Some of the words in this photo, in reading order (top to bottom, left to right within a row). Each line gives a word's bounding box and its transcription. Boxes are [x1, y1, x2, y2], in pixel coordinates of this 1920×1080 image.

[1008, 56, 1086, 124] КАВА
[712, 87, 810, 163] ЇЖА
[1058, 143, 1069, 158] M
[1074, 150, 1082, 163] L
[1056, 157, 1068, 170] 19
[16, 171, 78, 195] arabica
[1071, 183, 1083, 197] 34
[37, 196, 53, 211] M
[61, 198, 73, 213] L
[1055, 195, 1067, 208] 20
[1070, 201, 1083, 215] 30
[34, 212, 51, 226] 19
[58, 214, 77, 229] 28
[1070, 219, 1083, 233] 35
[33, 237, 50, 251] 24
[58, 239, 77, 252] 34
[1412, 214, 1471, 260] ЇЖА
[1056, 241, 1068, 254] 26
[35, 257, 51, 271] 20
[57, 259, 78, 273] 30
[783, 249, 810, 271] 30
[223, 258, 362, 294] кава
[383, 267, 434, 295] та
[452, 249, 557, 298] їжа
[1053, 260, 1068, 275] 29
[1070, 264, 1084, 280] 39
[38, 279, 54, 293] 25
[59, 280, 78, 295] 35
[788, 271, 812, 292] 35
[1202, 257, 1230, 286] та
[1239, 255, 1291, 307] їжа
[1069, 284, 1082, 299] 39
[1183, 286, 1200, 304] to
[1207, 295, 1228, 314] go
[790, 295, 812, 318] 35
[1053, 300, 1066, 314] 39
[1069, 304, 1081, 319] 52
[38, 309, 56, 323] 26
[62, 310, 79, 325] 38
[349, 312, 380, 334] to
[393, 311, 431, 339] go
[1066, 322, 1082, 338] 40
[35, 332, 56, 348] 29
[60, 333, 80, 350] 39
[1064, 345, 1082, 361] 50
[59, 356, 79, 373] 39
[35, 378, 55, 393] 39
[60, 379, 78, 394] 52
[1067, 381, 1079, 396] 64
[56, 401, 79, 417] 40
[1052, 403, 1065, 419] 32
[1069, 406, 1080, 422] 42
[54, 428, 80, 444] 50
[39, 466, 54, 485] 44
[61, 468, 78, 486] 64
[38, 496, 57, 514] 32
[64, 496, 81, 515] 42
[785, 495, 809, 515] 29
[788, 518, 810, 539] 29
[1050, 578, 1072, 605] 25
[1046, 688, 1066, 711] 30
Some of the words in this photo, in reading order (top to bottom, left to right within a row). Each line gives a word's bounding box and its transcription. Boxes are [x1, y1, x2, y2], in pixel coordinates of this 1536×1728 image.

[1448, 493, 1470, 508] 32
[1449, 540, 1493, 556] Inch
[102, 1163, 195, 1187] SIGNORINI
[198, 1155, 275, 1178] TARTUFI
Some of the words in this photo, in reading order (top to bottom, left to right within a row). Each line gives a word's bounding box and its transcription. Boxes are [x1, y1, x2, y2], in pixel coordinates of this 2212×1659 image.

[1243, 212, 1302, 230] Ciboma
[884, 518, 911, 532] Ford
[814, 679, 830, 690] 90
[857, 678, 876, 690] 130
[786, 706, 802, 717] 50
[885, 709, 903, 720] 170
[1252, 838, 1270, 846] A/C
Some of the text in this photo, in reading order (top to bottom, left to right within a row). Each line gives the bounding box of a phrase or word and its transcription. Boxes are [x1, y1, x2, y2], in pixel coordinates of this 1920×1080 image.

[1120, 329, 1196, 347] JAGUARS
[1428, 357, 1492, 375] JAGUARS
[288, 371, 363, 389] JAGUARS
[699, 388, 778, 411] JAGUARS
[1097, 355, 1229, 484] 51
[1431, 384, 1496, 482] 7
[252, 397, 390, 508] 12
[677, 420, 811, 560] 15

ASSIGNED TASK:
A word-for-word transcription of all the data is needed.

PROBLEM SOLUTION:
Some of the words in this photo, in reading order (top to bottom, left to right within a row). Each line gives a word's bounding box and its transcription. Boxes are [x1, y1, x2, y2], in pixel coordinates of this 1920×1080 image.

[1008, 56, 1086, 124] КАВА
[712, 87, 810, 163] ЇЖА
[1058, 143, 1069, 158] M
[1074, 150, 1082, 163] L
[1056, 157, 1068, 170] 19
[16, 171, 78, 195] arabica
[1071, 183, 1083, 197] 34
[37, 196, 53, 211] M
[61, 198, 73, 213] L
[1055, 195, 1067, 208] 20
[1070, 201, 1083, 215] 30
[34, 212, 51, 226] 19
[58, 214, 77, 229] 28
[1070, 219, 1083, 233] 35
[33, 237, 50, 251] 24
[58, 239, 77, 252] 34
[1412, 214, 1471, 260] ЇЖА
[1056, 241, 1068, 254] 26
[35, 257, 51, 271] 20
[57, 259, 78, 273] 30
[783, 249, 810, 271] 30
[223, 258, 362, 294] кава
[383, 267, 434, 295] та
[452, 249, 557, 298] їжа
[1053, 260, 1068, 275] 29
[1070, 264, 1084, 280] 39
[38, 279, 54, 293] 25
[59, 280, 78, 295] 35
[788, 271, 812, 292] 35
[1202, 257, 1230, 286] та
[1239, 255, 1291, 307] їжа
[1069, 284, 1082, 299] 39
[1183, 286, 1200, 304] to
[1207, 295, 1228, 314] go
[790, 295, 812, 318] 35
[1053, 300, 1066, 314] 39
[1069, 304, 1081, 319] 52
[38, 309, 56, 323] 26
[62, 310, 79, 325] 38
[349, 312, 380, 334] to
[393, 311, 431, 339] go
[1066, 322, 1082, 338] 40
[35, 332, 56, 348] 29
[60, 333, 80, 350] 39
[1064, 345, 1082, 361] 50
[59, 356, 79, 373] 39
[35, 378, 55, 393] 39
[60, 379, 78, 394] 52
[1067, 381, 1079, 396] 64
[56, 401, 79, 417] 40
[1052, 403, 1065, 419] 32
[1069, 406, 1080, 422] 42
[54, 428, 80, 444] 50
[39, 466, 54, 485] 44
[61, 468, 78, 486] 64
[38, 496, 57, 514] 32
[64, 496, 81, 515] 42
[785, 495, 809, 515] 29
[788, 518, 810, 539] 29
[1050, 578, 1072, 605] 25
[1046, 688, 1066, 711] 30
Some of the words in this photo, in reading order (top to bottom, left to right within a row). Each line gives a word's bounding box and its transcription. Boxes are [x1, y1, x2, y2], in pixel coordinates of this 1536×1728 image.

[1448, 493, 1470, 508] 32
[1449, 540, 1493, 556] Inch
[102, 1163, 195, 1187] SIGNORINI
[198, 1155, 275, 1178] TARTUFI
Some of the words in this photo, in reading order (top to bottom, left to right within a row). Each line gives a word's bounding box and its transcription. Boxes are [x1, y1, x2, y2], in pixel coordinates of this 2212×1659 image.

[1243, 212, 1302, 230] Ciboma
[884, 518, 911, 532] Ford
[814, 679, 830, 690] 90
[857, 678, 876, 690] 130
[786, 706, 802, 717] 50
[885, 709, 903, 720] 170
[1252, 838, 1270, 846] A/C
Some of the text in this photo, in reading order (top to bottom, left to right within a row). Each line gives the bounding box of a phrase or word and its transcription. Boxes are [x1, y1, x2, y2], in pixel coordinates of this 1920×1080 image.

[1120, 329, 1196, 347] JAGUARS
[1428, 357, 1492, 375] JAGUARS
[288, 371, 363, 389] JAGUARS
[699, 388, 778, 411] JAGUARS
[1097, 355, 1229, 484] 51
[1431, 384, 1496, 482] 7
[252, 397, 390, 508] 12
[677, 420, 811, 560] 15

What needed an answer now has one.